■ **What you should do**: Please copy every line of the material exactly.

[Dataset excerpts Boundary: Start]

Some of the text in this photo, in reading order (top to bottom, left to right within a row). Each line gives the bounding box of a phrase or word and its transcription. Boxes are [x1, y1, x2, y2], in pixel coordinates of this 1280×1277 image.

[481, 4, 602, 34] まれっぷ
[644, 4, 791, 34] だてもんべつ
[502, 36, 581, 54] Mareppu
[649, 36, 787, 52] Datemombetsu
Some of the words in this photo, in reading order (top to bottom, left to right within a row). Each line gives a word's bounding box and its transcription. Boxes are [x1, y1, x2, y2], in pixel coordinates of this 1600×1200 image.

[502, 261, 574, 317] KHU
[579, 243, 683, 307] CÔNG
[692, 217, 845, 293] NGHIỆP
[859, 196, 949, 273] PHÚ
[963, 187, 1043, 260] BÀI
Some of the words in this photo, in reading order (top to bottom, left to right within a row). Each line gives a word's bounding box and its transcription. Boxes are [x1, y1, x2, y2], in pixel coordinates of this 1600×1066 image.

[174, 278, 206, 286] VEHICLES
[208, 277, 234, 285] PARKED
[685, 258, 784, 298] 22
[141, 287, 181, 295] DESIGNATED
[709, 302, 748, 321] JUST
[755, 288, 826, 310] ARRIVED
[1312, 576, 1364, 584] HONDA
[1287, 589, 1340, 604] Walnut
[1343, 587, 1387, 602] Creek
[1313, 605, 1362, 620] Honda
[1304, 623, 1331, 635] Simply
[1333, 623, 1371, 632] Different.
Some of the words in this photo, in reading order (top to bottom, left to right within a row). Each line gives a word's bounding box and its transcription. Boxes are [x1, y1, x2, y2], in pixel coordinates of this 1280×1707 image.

[Dataset excerpts Boundary: End]

■ **Written answer**:
Some of the text in this photo, in reading order (top to bottom, left to right within a row). Each line gives the bounding box of a phrase or word and its transcription. Boxes are [x1, y1, x2, y2], in pixel coordinates of this 1280×1277 image.

[481, 4, 602, 34] まれっぷ
[644, 4, 791, 34] だてもんべつ
[502, 36, 581, 54] Mareppu
[649, 36, 787, 52] Datemombetsu
Some of the words in this photo, in reading order (top to bottom, left to right within a row). Each line gives a word's bounding box and its transcription. Boxes are [x1, y1, x2, y2], in pixel coordinates of this 1600×1200 image.

[502, 261, 574, 317] KHU
[579, 243, 683, 307] CÔNG
[692, 217, 845, 293] NGHIỆP
[859, 196, 949, 273] PHÚ
[963, 187, 1043, 260] BÀI
Some of the words in this photo, in reading order (top to bottom, left to right within a row). Each line gives a word's bounding box and its transcription. Boxes are [x1, y1, x2, y2], in pixel coordinates of this 1600×1066 image.

[174, 278, 206, 286] VEHICLES
[208, 277, 234, 285] PARKED
[685, 258, 784, 298] 22
[141, 287, 181, 295] DESIGNATED
[709, 302, 748, 321] JUST
[755, 288, 826, 310] ARRIVED
[1312, 576, 1364, 584] HONDA
[1287, 589, 1340, 604] Walnut
[1343, 587, 1387, 602] Creek
[1313, 605, 1362, 620] Honda
[1304, 623, 1331, 635] Simply
[1333, 623, 1371, 632] Different.
Some of the words in this photo, in reading order (top to bottom, left to right within a row). Each line gives a word's bounding box and its transcription. Boxes are [x1, y1, x2, y2], in pixel coordinates of this 1280×1707 image.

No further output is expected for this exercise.